-- SOURCE RECORDS follows --

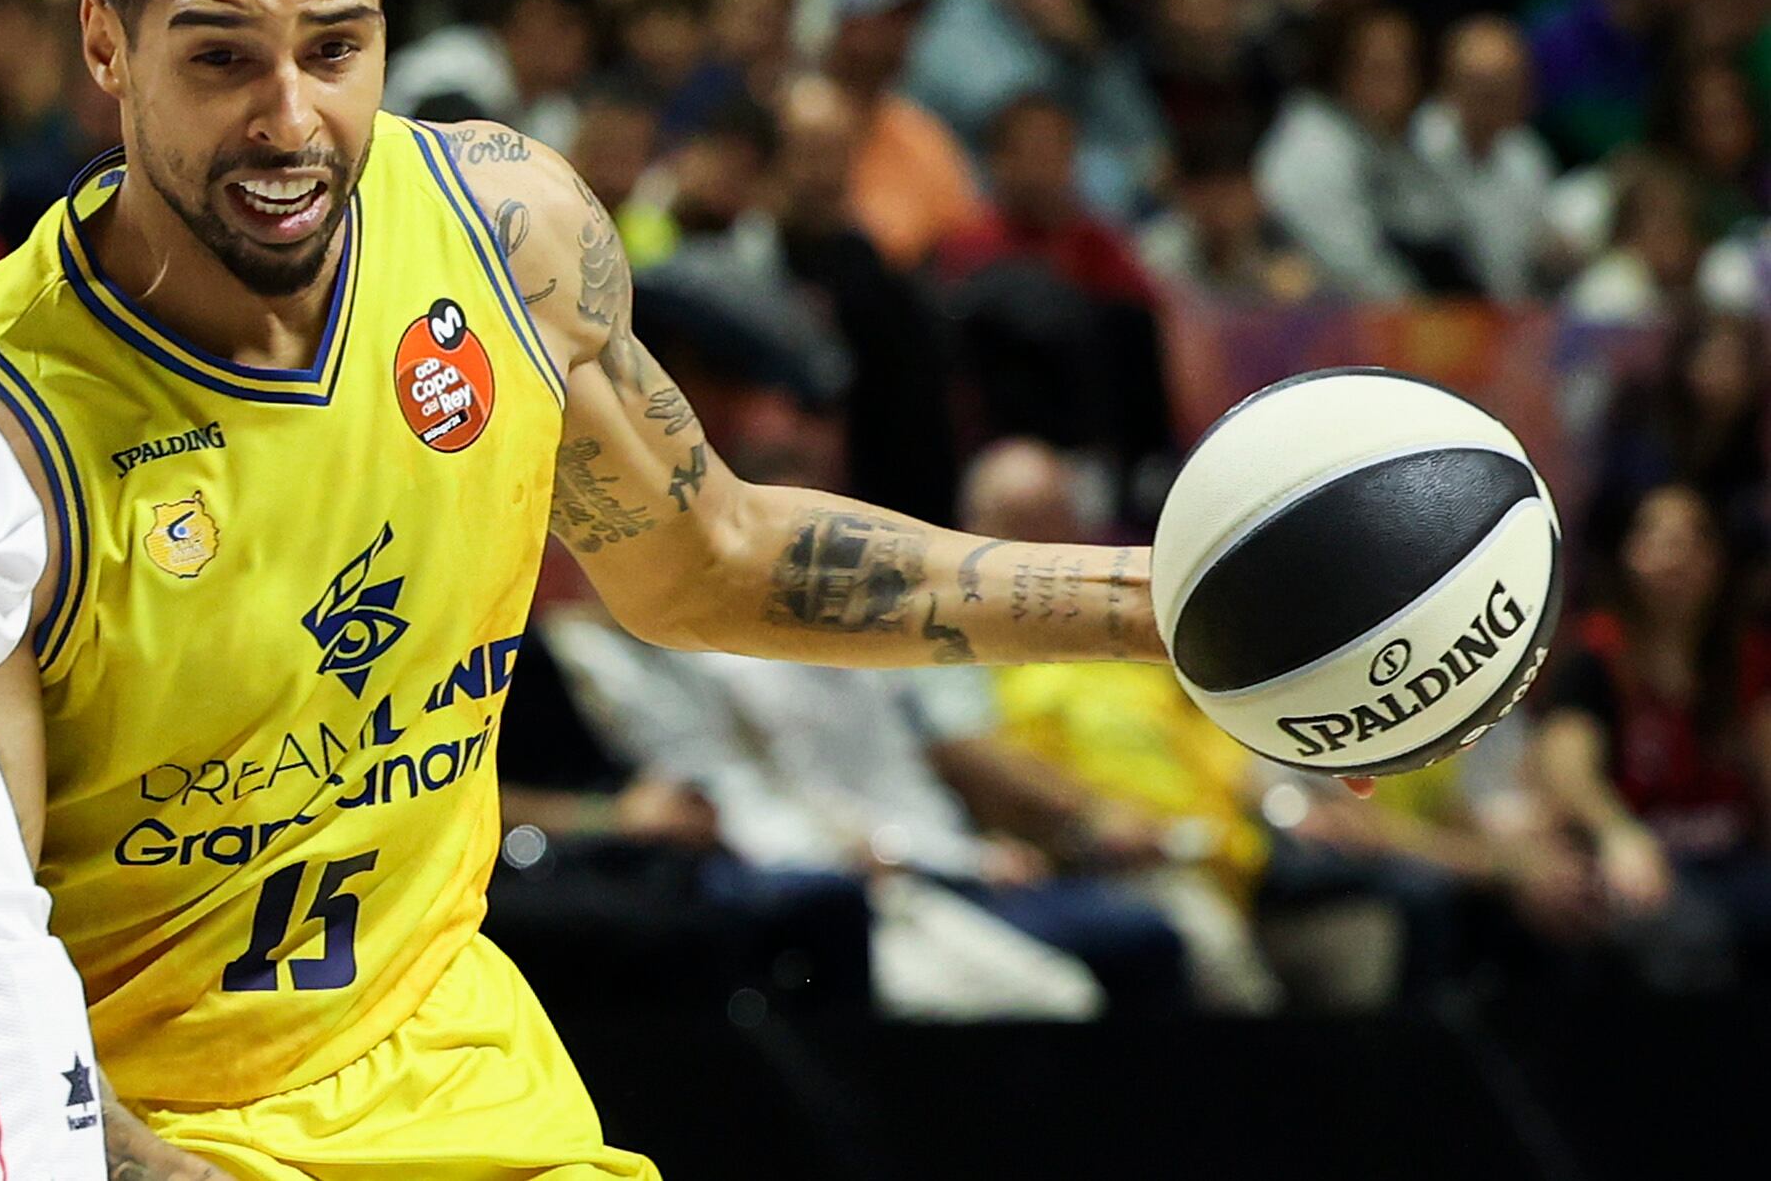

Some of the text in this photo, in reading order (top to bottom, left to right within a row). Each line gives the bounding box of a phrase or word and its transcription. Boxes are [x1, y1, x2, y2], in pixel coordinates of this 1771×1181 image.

[411, 365, 460, 403] Copa
[439, 383, 472, 415] Rey
[111, 421, 227, 480] SPALDING
[1277, 579, 1527, 757] SPALDING
[222, 849, 380, 993] 15

-- SOURCE RECORDS concluded --

=== WORK TO COMPLETE ===
Would you reproduce the records exactly as they stand, but without the pictures?

=== RESPONSE TO THE TASK ===
Some of the text in this photo, in reading order (top to bottom, left to right within a row). Each line gives the bounding box of a phrase or word and its transcription. Boxes are [x1, y1, x2, y2], in pixel coordinates of this 1771×1181 image.

[411, 365, 460, 403] Copa
[439, 383, 472, 415] Rey
[111, 421, 227, 480] SPALDING
[1277, 579, 1527, 757] SPALDING
[222, 849, 380, 993] 15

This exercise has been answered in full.